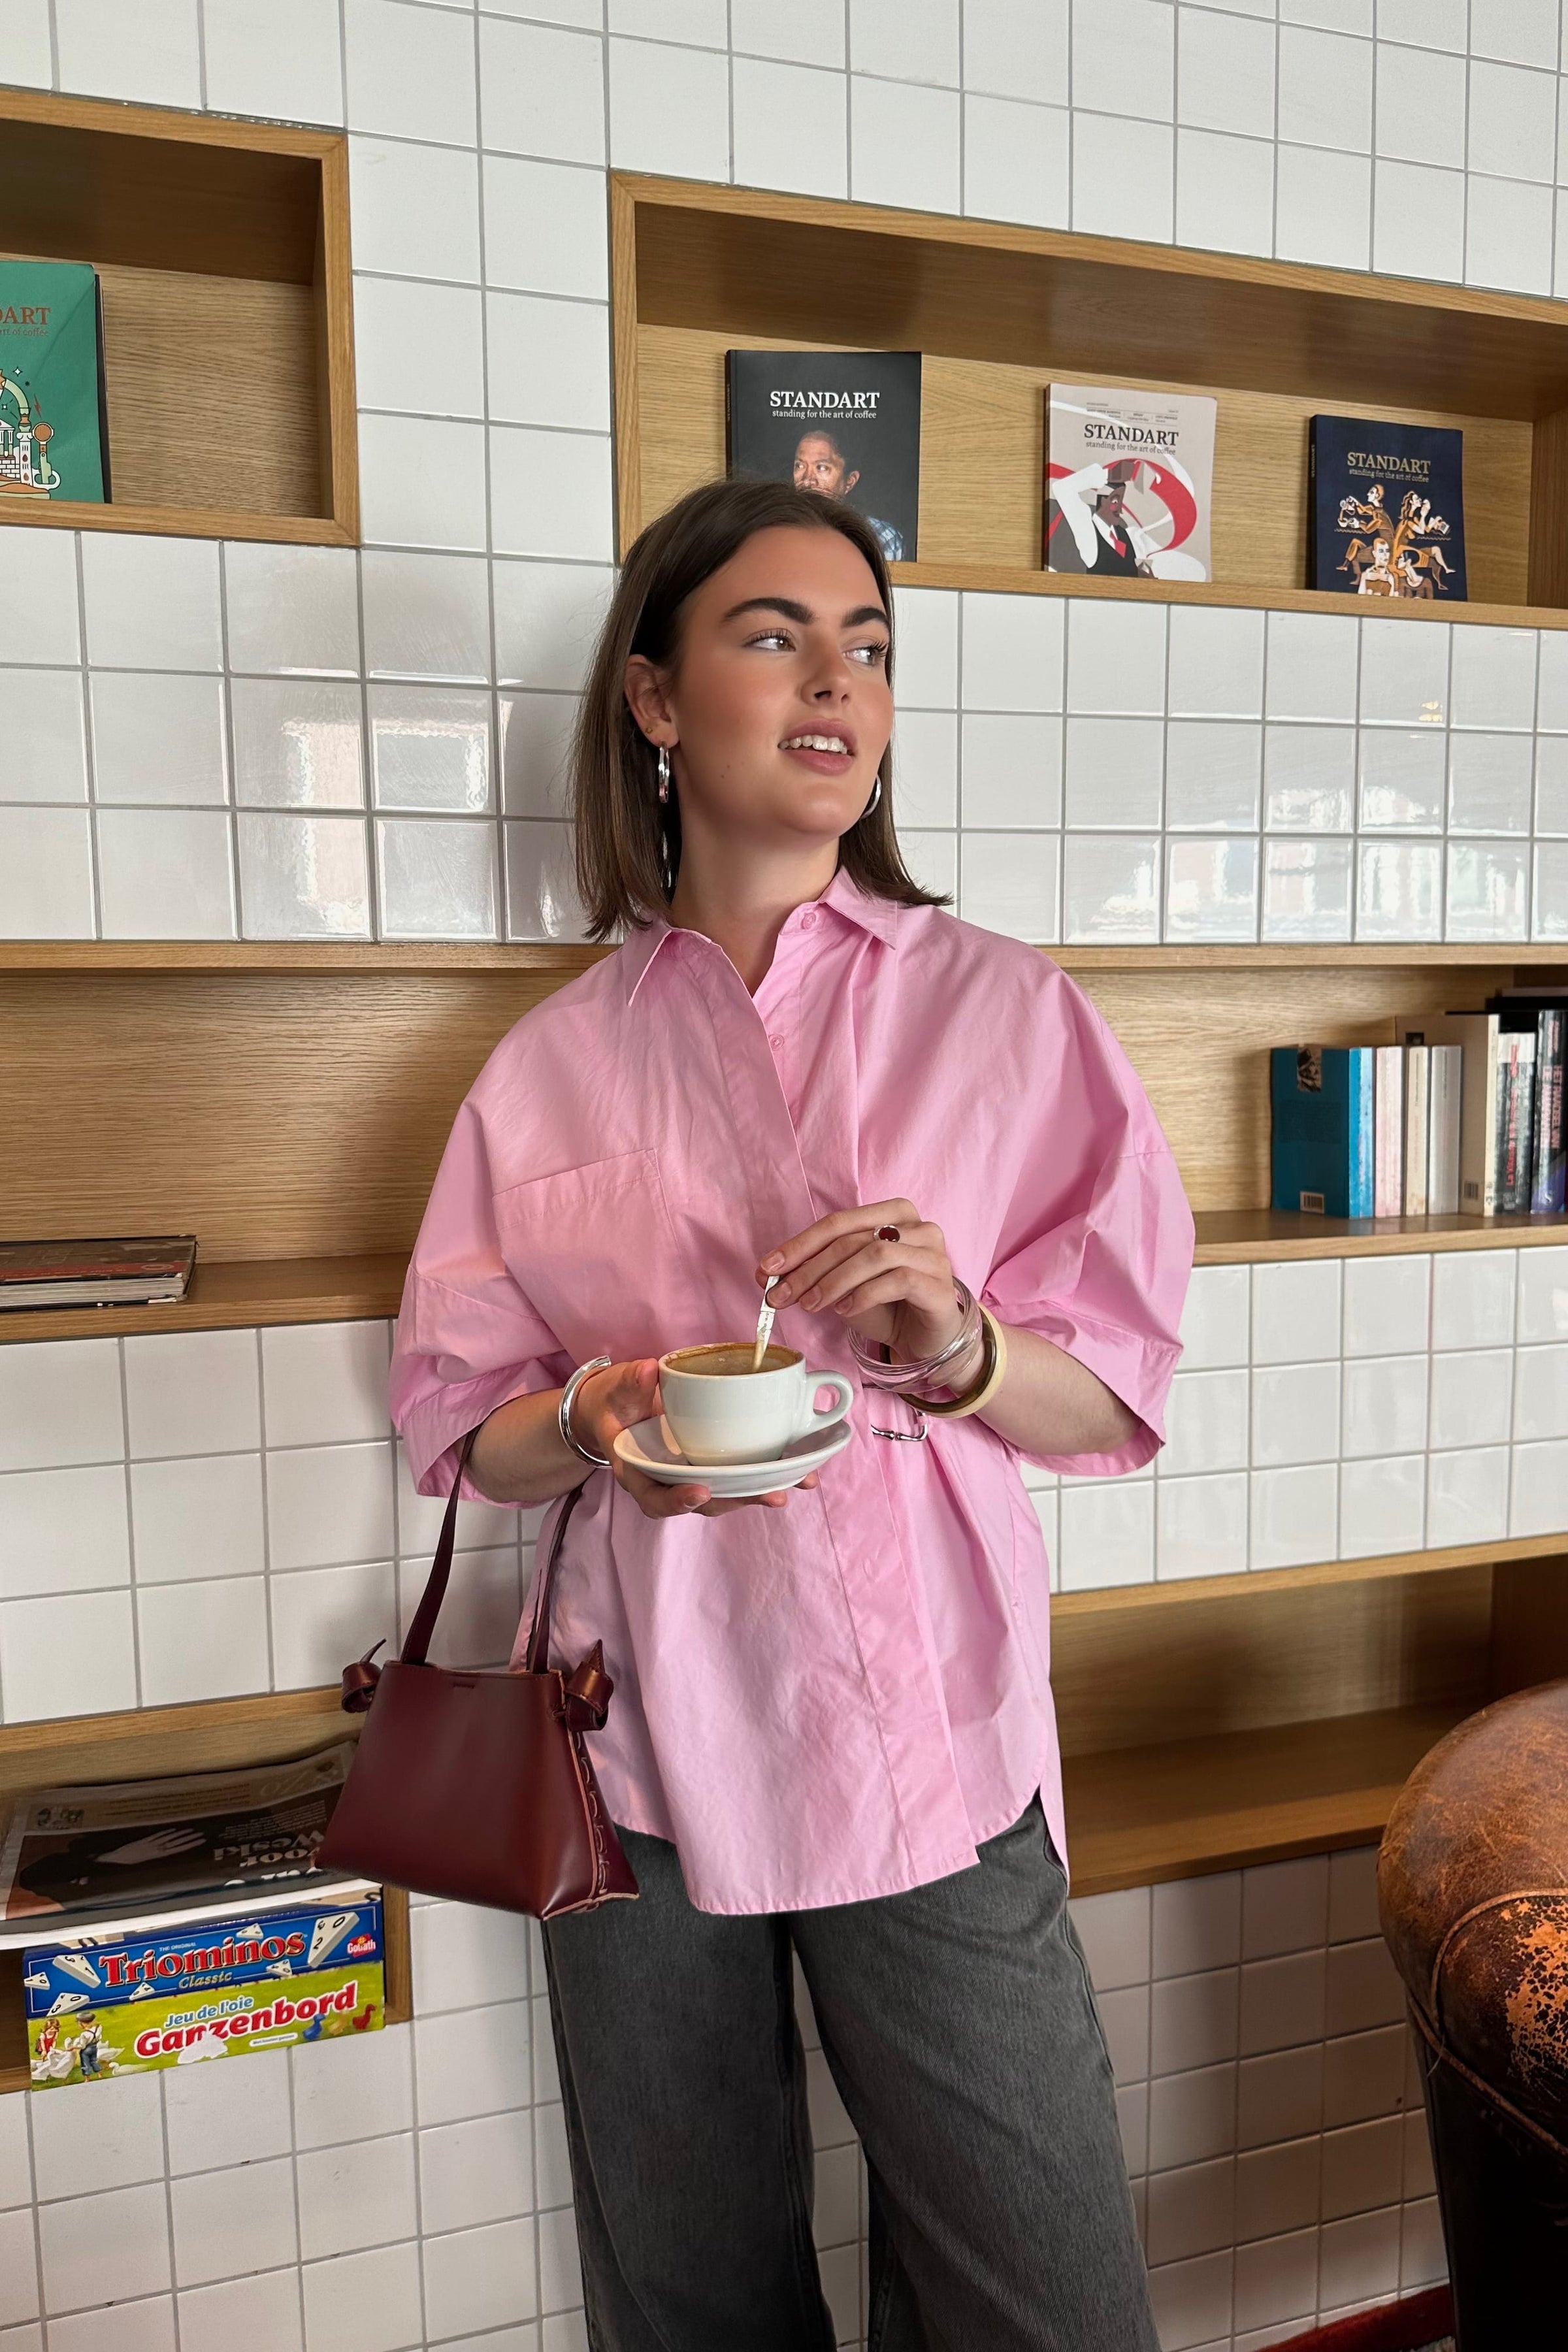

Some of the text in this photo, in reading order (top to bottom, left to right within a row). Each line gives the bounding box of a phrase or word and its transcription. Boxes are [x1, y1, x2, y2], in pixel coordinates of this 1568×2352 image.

[0, 306, 51, 325] ART
[23, 328, 48, 337] coffee
[770, 391, 880, 408] STANDART
[772, 409, 806, 419] standing
[807, 410, 817, 418] for
[845, 410, 853, 419] of
[854, 410, 877, 419] coffee
[1084, 424, 1179, 446] STANDART
[1086, 441, 1115, 451] standing
[1117, 442, 1126, 451] for
[1156, 447, 1176, 455] coffee
[1347, 451, 1431, 474] STANDART
[1349, 468, 1375, 478] standing
[1375, 470, 1384, 478] for
[1385, 471, 1395, 480] the
[1411, 474, 1429, 483] coffee
[171, 1942, 195, 1950] ORIGINAL
[347, 1938, 376, 1954] Goliath
[99, 1932, 306, 1987] Triominos
[178, 1970, 233, 1989] Classic
[136, 1982, 357, 2057] Ganzenbord
[165, 1996, 253, 2028] Jeu de l'oie

----

__What needs to be done__.
Once the pictures are set aside, give the listing again word for word.

__Expected output__.
Some of the text in this photo, in reading order (top to bottom, left to right within a row). Each line gives the bounding box of a phrase or word and its transcription. Boxes are [x1, y1, x2, y2], in pixel coordinates of this 1568×2352 image.

[0, 306, 51, 325] ART
[23, 328, 48, 337] coffee
[770, 391, 880, 408] STANDART
[772, 409, 806, 419] standing
[807, 410, 817, 418] for
[845, 410, 853, 419] of
[854, 410, 877, 419] coffee
[1084, 424, 1179, 446] STANDART
[1086, 441, 1115, 451] standing
[1117, 442, 1126, 451] for
[1156, 447, 1176, 455] coffee
[1347, 451, 1431, 474] STANDART
[1349, 468, 1375, 478] standing
[1375, 470, 1384, 478] for
[1385, 471, 1395, 480] the
[1411, 474, 1429, 483] coffee
[171, 1942, 195, 1950] ORIGINAL
[347, 1938, 376, 1954] Goliath
[99, 1932, 306, 1987] Triominos
[178, 1970, 233, 1989] Classic
[136, 1982, 357, 2057] Ganzenbord
[165, 1996, 253, 2028] Jeu de l'oie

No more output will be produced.